• _DATASET RECORDS_
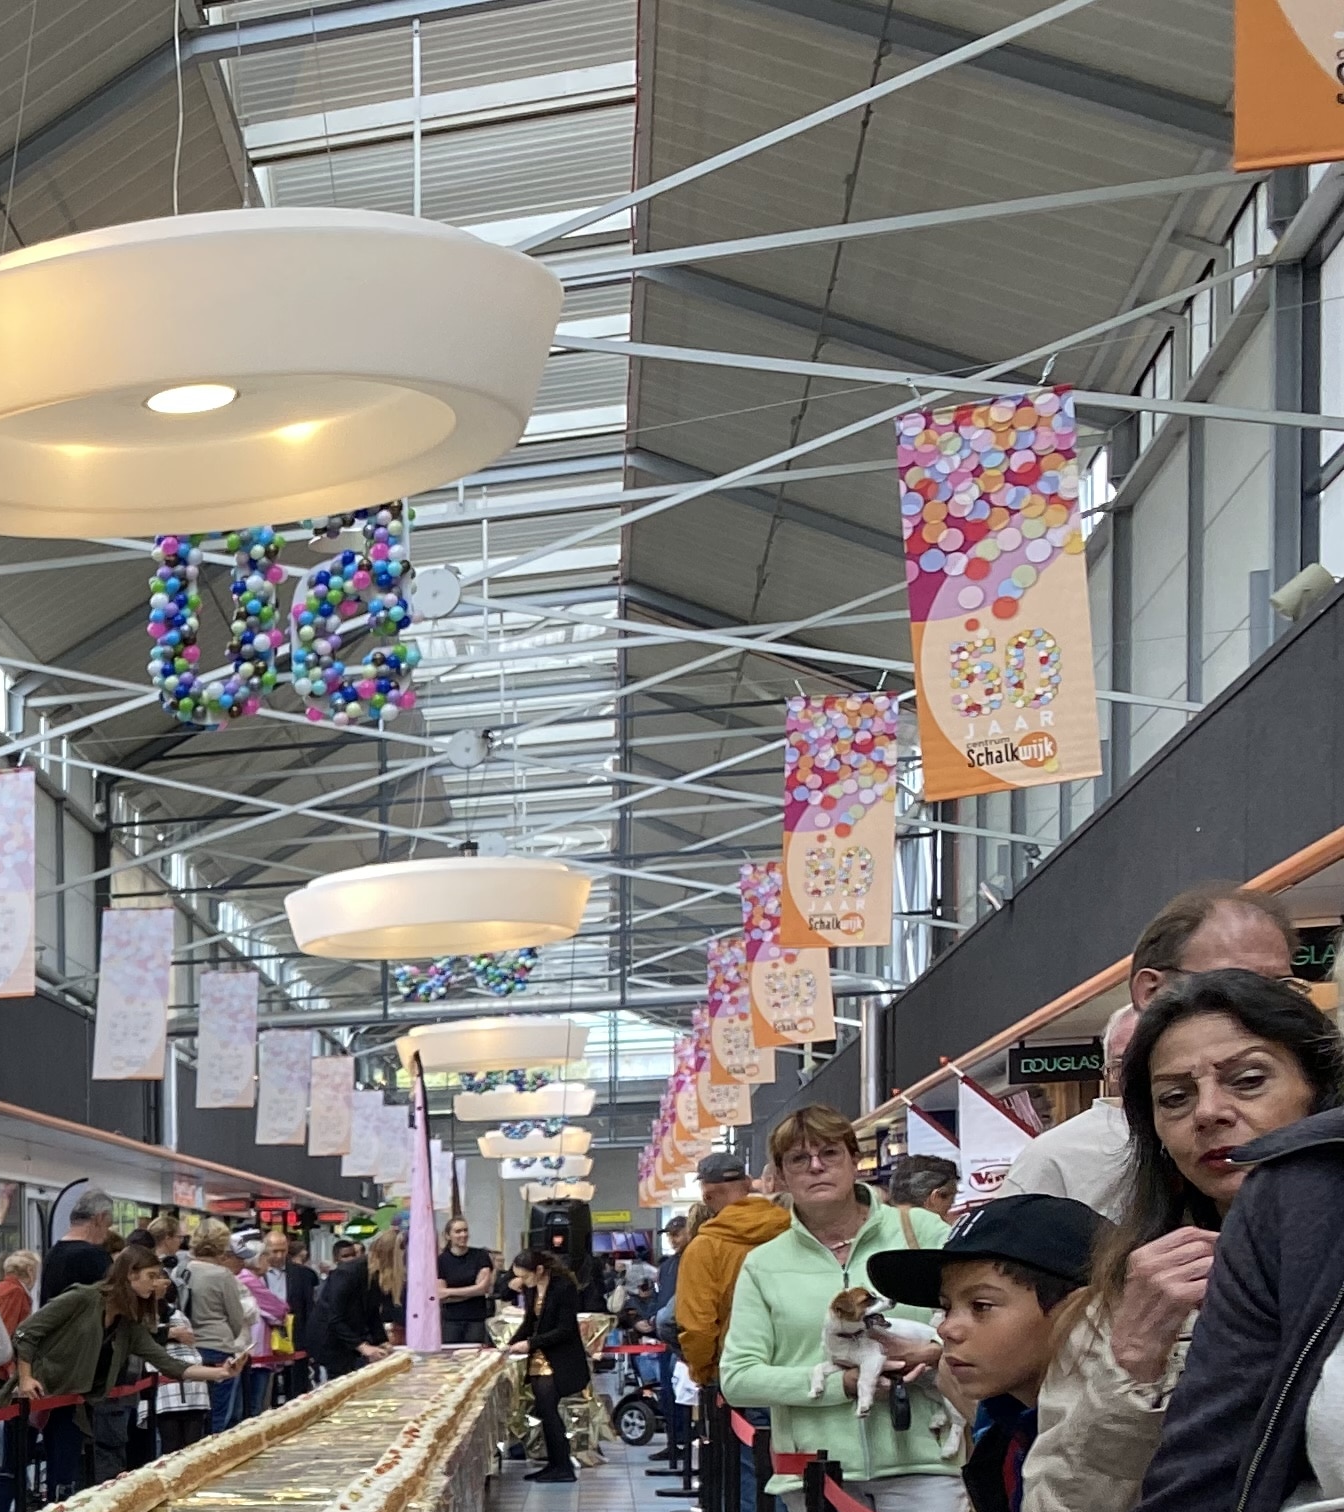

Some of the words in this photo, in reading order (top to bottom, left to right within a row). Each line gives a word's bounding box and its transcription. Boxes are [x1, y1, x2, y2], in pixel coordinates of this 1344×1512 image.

[949, 627, 1062, 718] 50
[964, 710, 1054, 739] JAAR
[966, 737, 1010, 749] centrum
[967, 736, 1054, 768] Schalkwijk
[1020, 1055, 1100, 1073] DOUGLAS
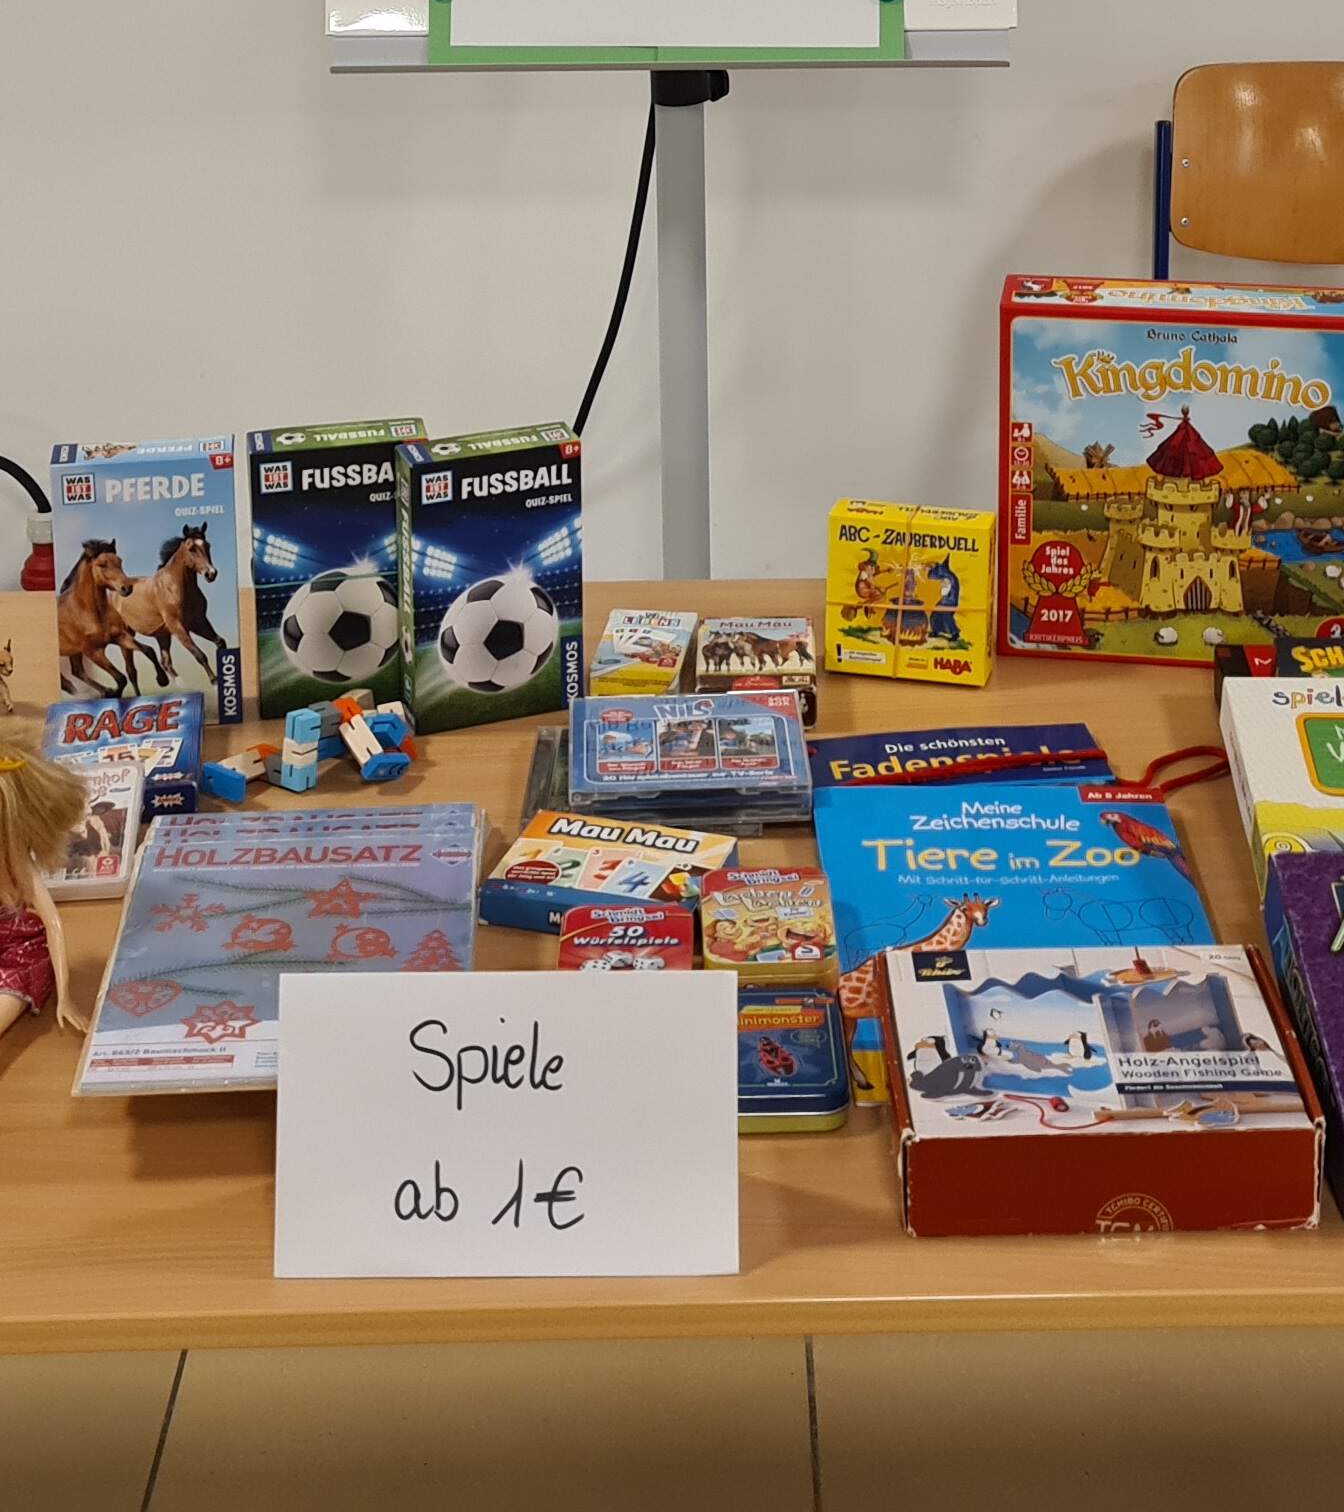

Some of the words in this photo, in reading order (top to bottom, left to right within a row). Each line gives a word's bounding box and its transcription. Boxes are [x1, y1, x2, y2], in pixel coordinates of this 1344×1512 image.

[1147, 328, 1186, 342] Bruno
[1191, 330, 1239, 344] Cathala
[1052, 346, 1331, 409] Kingdomino
[263, 463, 289, 474] WAS
[301, 462, 395, 490] FUSSBA
[65, 475, 91, 486] WAS
[264, 481, 290, 491] WAS
[424, 474, 449, 484] WAS
[460, 463, 573, 500] FUSSBALL
[104, 473, 206, 503] PFERDE
[66, 493, 93, 503] WAS
[425, 491, 450, 502] WAS
[525, 493, 573, 509] QUIZ-SPIEL
[174, 505, 224, 518] QUIZ-SPIEL
[1015, 499, 1027, 540] Familie
[839, 525, 870, 542] ABC
[881, 528, 979, 552] ZAUBERDUELL
[1045, 546, 1070, 558] Spiel
[1051, 557, 1068, 566] des
[1041, 565, 1074, 575] Jahres
[1041, 610, 1073, 622] 2017
[566, 640, 578, 706] KOSMOS
[934, 657, 973, 675] HABA
[222, 654, 237, 717] KOSMOS
[63, 699, 183, 744] RAGE
[884, 743, 914, 755] Die
[919, 736, 1006, 752] schönsten
[961, 801, 1023, 815] Meine
[909, 814, 1081, 833] Zeichenschule
[550, 818, 621, 844] Mau
[624, 827, 700, 855] Mau
[154, 844, 424, 867] HOLZBAUSATZ
[861, 838, 1000, 873] Tiere
[1008, 852, 1041, 869] im
[1045, 839, 1141, 868] Zoo
[897, 873, 922, 885] Mit
[609, 926, 645, 938] 50
[572, 936, 680, 947] Würfelspiele
[409, 1016, 565, 1111] Spiele
[1117, 1054, 1260, 1070] Holz-Angelspiel
[1120, 1068, 1179, 1080] Wooden
[1183, 1066, 1239, 1079] Fishing
[1240, 1068, 1283, 1078] Game
[394, 1159, 460, 1223] ab

• _WORK ITEM_
Although the records include pictures, output only their text, exactly and completely.

• _OUTPUT OF THE TASK_
Some of the words in this photo, in reading order (top to bottom, left to right within a row). Each line gives a word's bounding box and its transcription. Boxes are [x1, y1, x2, y2], in pixel coordinates of this 1344×1512 image.

[949, 627, 1062, 718] 50
[964, 710, 1054, 739] JAAR
[966, 737, 1010, 749] centrum
[967, 736, 1054, 768] Schalkwijk
[1020, 1055, 1100, 1073] DOUGLAS

Some of the words in this photo, in reading order (top to bottom, left to right within a row). Each line gives a word's bounding box and its transcription. Boxes are [x1, y1, x2, y2], in pixel coordinates of this 1344×1512 image.

[1147, 328, 1186, 342] Bruno
[1191, 330, 1239, 344] Cathala
[1052, 346, 1331, 409] Kingdomino
[263, 463, 289, 474] WAS
[301, 462, 395, 490] FUSSBA
[65, 475, 91, 486] WAS
[264, 481, 290, 491] WAS
[424, 474, 449, 484] WAS
[460, 463, 573, 500] FUSSBALL
[104, 473, 206, 503] PFERDE
[66, 493, 93, 503] WAS
[425, 491, 450, 502] WAS
[525, 493, 573, 509] QUIZ-SPIEL
[174, 505, 224, 518] QUIZ-SPIEL
[1015, 499, 1027, 540] Familie
[839, 525, 870, 542] ABC
[881, 528, 979, 552] ZAUBERDUELL
[1045, 546, 1070, 558] Spiel
[1051, 557, 1068, 566] des
[1041, 565, 1074, 575] Jahres
[1041, 610, 1073, 622] 2017
[566, 640, 578, 706] KOSMOS
[934, 657, 973, 675] HABA
[222, 654, 237, 717] KOSMOS
[63, 699, 183, 744] RAGE
[884, 743, 914, 755] Die
[919, 736, 1006, 752] schönsten
[961, 801, 1023, 815] Meine
[909, 814, 1081, 833] Zeichenschule
[550, 818, 621, 844] Mau
[624, 827, 700, 855] Mau
[154, 844, 424, 867] HOLZBAUSATZ
[861, 838, 1000, 873] Tiere
[1008, 852, 1041, 869] im
[1045, 839, 1141, 868] Zoo
[897, 873, 922, 885] Mit
[609, 926, 645, 938] 50
[572, 936, 680, 947] Würfelspiele
[409, 1016, 565, 1111] Spiele
[1117, 1054, 1260, 1070] Holz-Angelspiel
[1120, 1068, 1179, 1080] Wooden
[1183, 1066, 1239, 1079] Fishing
[1240, 1068, 1283, 1078] Game
[394, 1159, 460, 1223] ab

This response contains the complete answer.